Cost-Effective Updated Sequential Predictive Maintenance Policy for Continuously Monitored Degrading Systems

The importance of maintenance optimization has been recognized over the past decades and is highly emphasized by today's competitive economy. In this paper, an updated sequential predictive maintenance (USPM) policy is proposed to decide a real-time preventive maintenance (PM) schedule for a continuously monitored degrading system that will minimize maintenance cost rate (MCR) in the long term, by considering the effect of imperfect PM. The USPM model is continuously updated based on the change in the system state to decide an optimal PM schedule.
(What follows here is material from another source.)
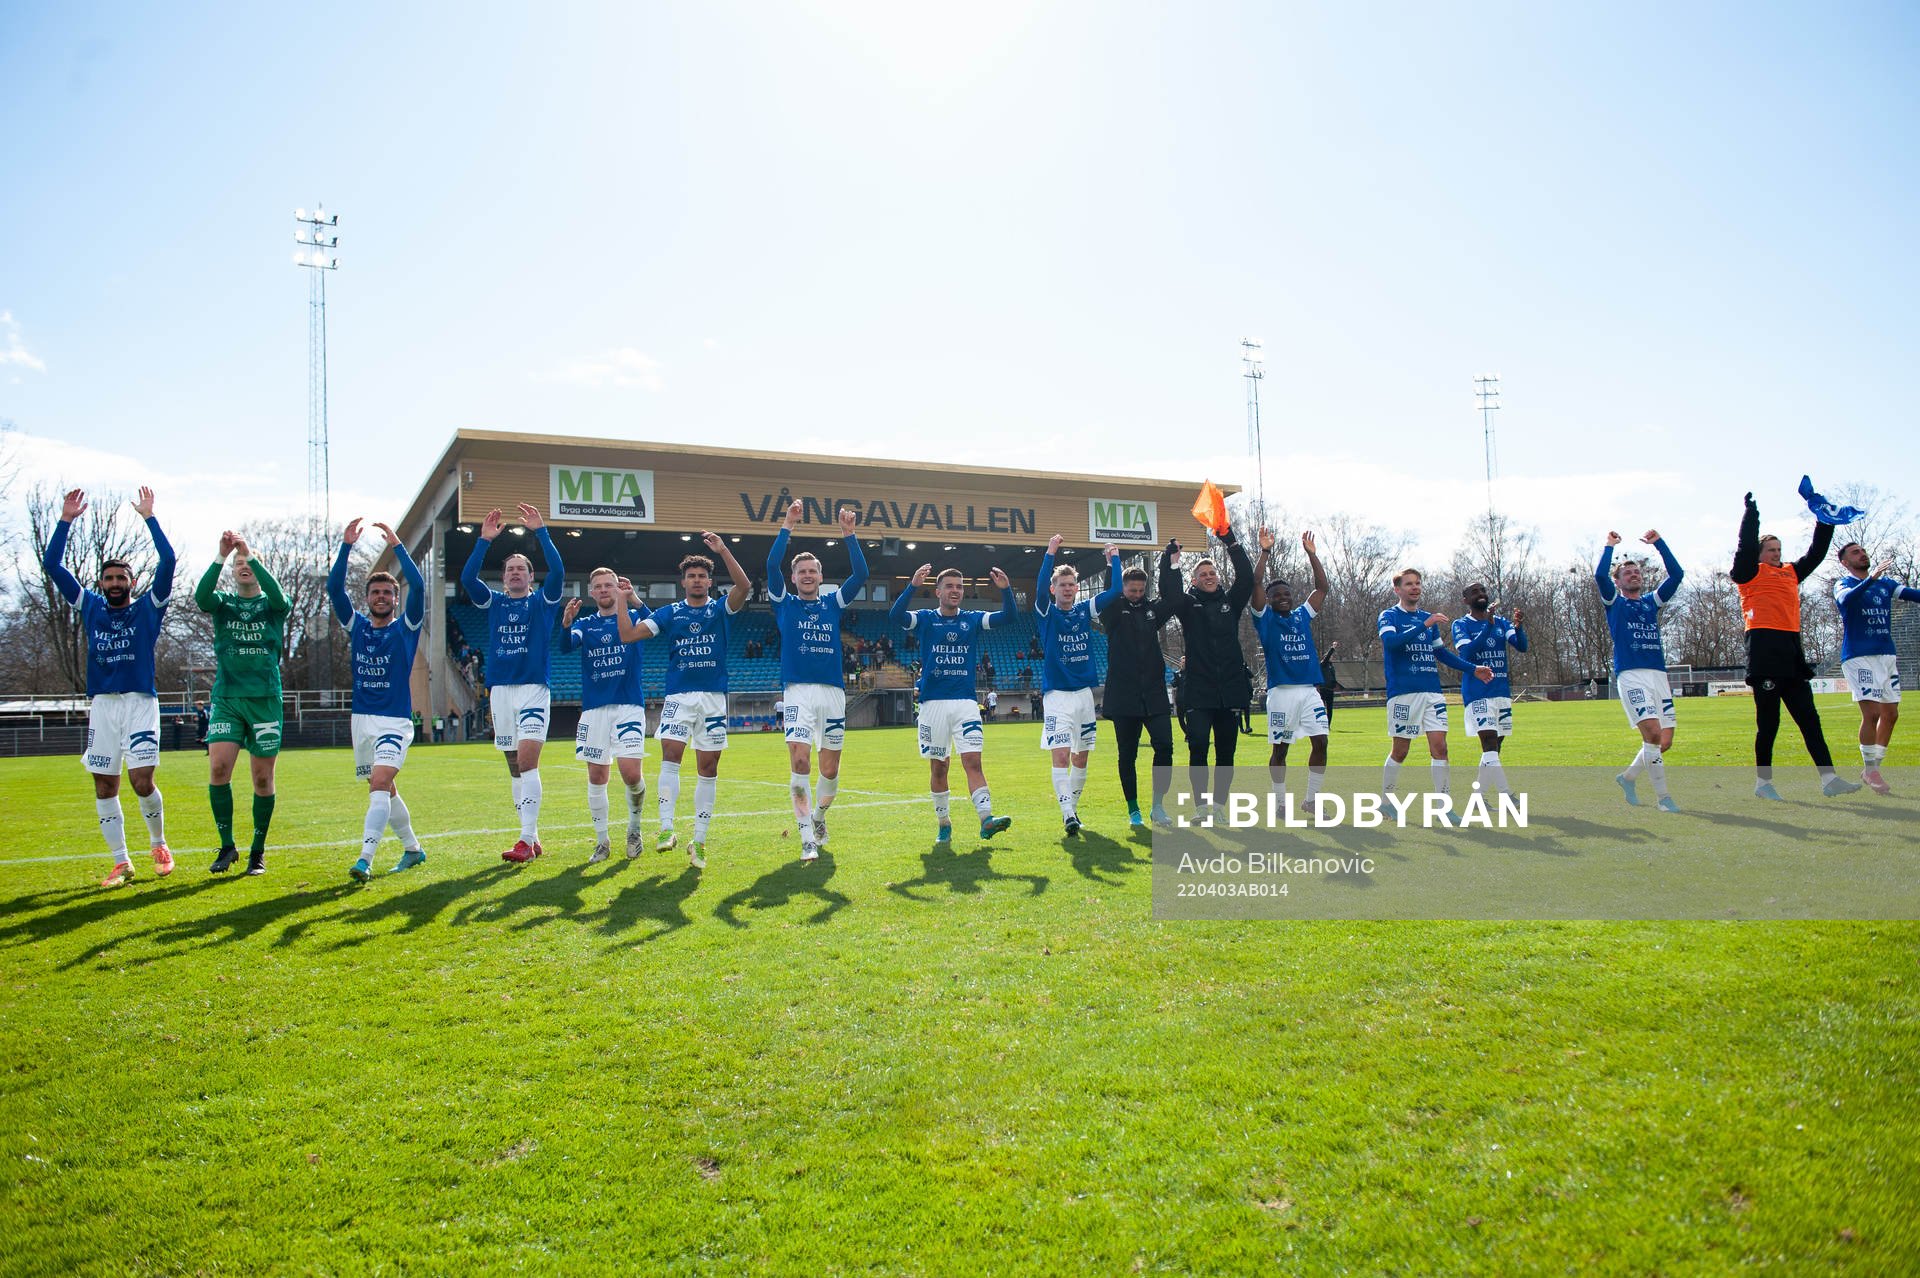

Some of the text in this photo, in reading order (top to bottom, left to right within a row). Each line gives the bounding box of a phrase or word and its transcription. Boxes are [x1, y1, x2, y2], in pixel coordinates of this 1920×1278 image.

Mathematical analysis of the proposed USPM model demonstrates the existence and uniqueness of an optimal PM schedule under practical conditions. The results validate that: 1) the proposed USPM model yields PM schedules that are consistent with the change in the system states and 2) the USPM model is able to quickly react to drastic degradation of the system and provide an optimal PM schedule in real time. The proposed maintenance policy can provide significant benefits for real-time maintenance decision making. Note to Practitioners-This paper is motivated by the gap that scheduling of commonly applied imperfect preventive maintenance (PM) (e. g., adding lubrication, partial replacement, etc.) scarcely considers a system's operating condition which is highly correlated with machine health and failures. The updated sequential predictive maintenance (USPM) policy developed in this paper outlines a framework for real-time PM scheduling in a cost-effective way. To implement the proposed method, it is necessary to: 1) monitor a performance variable (e. g., pressure, temperature, etc.) that well indicates the system state; 2) estimate the system lifetime distribution; 3) quantify the PM work orders; and 4) measure the maintenance cost. Although the proposed maintenance policy is based on the objective of minimizing maintenance cost rate (MCR), it can be easily revised according to other practical optimization objectives, i.e., maximizing system availability.